Tips: Excessive rotation of the lumbar spine will dissipate the force up to the thoraco-lumbar junction; hence the use of compression. A gentle oscillatory rolling of the whole patient will enhance the ability to find the optimum thrust plane. Least useful in very flexible subjects where the thrust will merely produce lumbar flexion.
14.31 • Thrust to sacrum prone This shows a recoil technique where the operator has applied a slight compressive force to the sacrum toward the table and then squeezes the sacrum between both hands to slightly buckle it. The technique is performed with the release of tension allowing the natural recoil of the bone to act as the mobilizing force. This may need to be repeated two or three times.
Tips: Most useful where despite ilio-sacral gapping, some dysfunction remains which may be due to intra-sacral distortion. Extra considerations: It may be found that compressing the sacrum more on one side than the other will produce a more specific result.
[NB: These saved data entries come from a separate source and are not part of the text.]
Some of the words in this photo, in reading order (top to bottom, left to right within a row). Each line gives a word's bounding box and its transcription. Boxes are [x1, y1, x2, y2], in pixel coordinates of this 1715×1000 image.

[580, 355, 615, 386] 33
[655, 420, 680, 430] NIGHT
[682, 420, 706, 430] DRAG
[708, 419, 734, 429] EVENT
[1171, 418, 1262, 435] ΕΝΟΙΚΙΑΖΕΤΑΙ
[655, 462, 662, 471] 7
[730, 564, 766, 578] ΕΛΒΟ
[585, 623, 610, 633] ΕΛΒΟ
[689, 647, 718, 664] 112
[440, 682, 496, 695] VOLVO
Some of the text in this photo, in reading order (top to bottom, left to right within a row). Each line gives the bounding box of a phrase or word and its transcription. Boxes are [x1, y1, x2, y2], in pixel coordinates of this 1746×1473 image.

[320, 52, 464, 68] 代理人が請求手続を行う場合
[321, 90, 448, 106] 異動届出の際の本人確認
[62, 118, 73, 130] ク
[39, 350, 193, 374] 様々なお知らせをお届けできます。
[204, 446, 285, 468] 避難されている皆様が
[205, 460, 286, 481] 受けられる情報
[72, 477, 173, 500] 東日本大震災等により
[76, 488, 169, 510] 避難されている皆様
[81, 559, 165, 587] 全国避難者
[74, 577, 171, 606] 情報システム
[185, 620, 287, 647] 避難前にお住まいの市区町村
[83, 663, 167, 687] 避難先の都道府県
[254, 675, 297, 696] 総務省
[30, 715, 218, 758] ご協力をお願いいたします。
14.32 • Thrust to sacrum sidelying This is a modified lumbar roll position. The operator has applied compression to the pelvis and the thorax to reduce the range of rotation necessary to reach the sacrum. The thrust is a combination of an increased compressive force on the ilium with the operator's chest at the same time as the heel of his hand drives the sacrum forwards.
Tips: Most useful where torsion of the sacrum rather than the ilium is the prime element in the dysfunction. Least useful in very flexible or very large subjects. Extra considerations: The direction of the sacral thrust can vary according to the optimum sense of barrier accumulation.
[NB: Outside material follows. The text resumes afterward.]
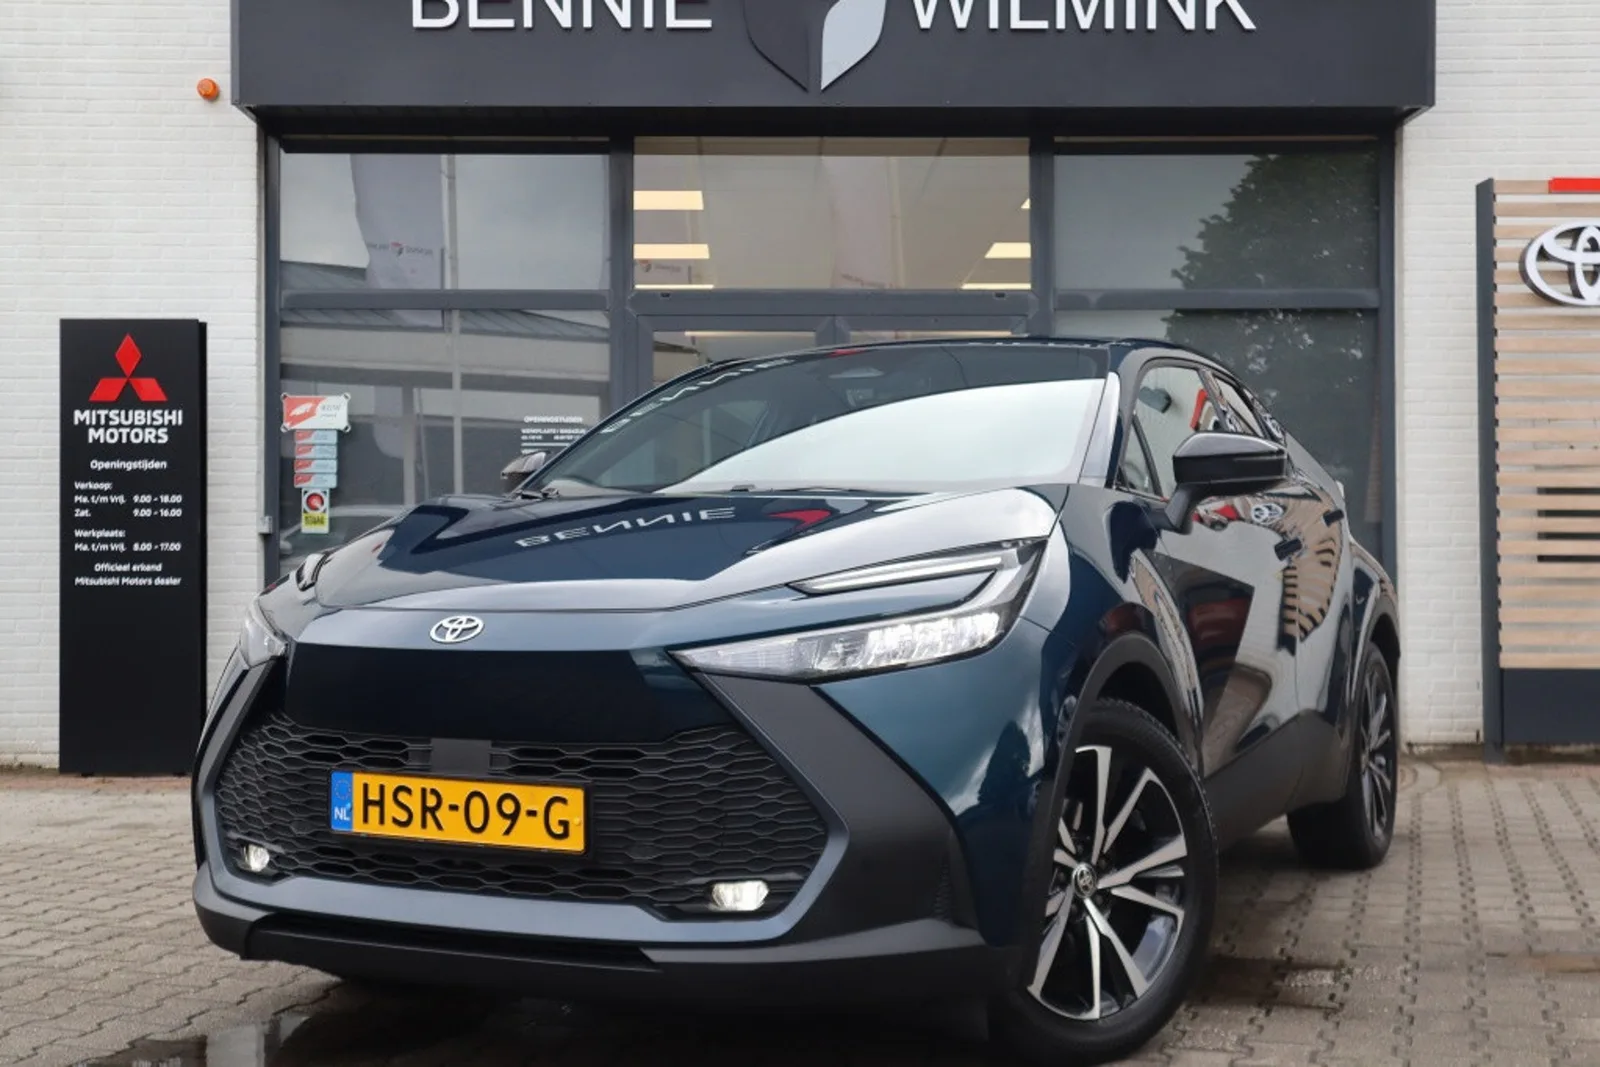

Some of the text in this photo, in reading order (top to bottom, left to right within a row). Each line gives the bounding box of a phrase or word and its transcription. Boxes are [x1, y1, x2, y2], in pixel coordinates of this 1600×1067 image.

14.33 • Thrust to symphysis pubis supine This is a combined technique where the operator holds the patient's knees apart as she attempts to draw them together. The patient does not use full power but allows him to gradually work the knees further apart until tension accumulates at the joint. He applies a short amplitude thrust into abduction of the thighs while the patient maintains muscle tone.
Tips: Vary the range of hip flexion and knee flexion to find the optimum. Ensure the amplitude of the thrust is very short. Least useful when the patient is very strong and the operator is small.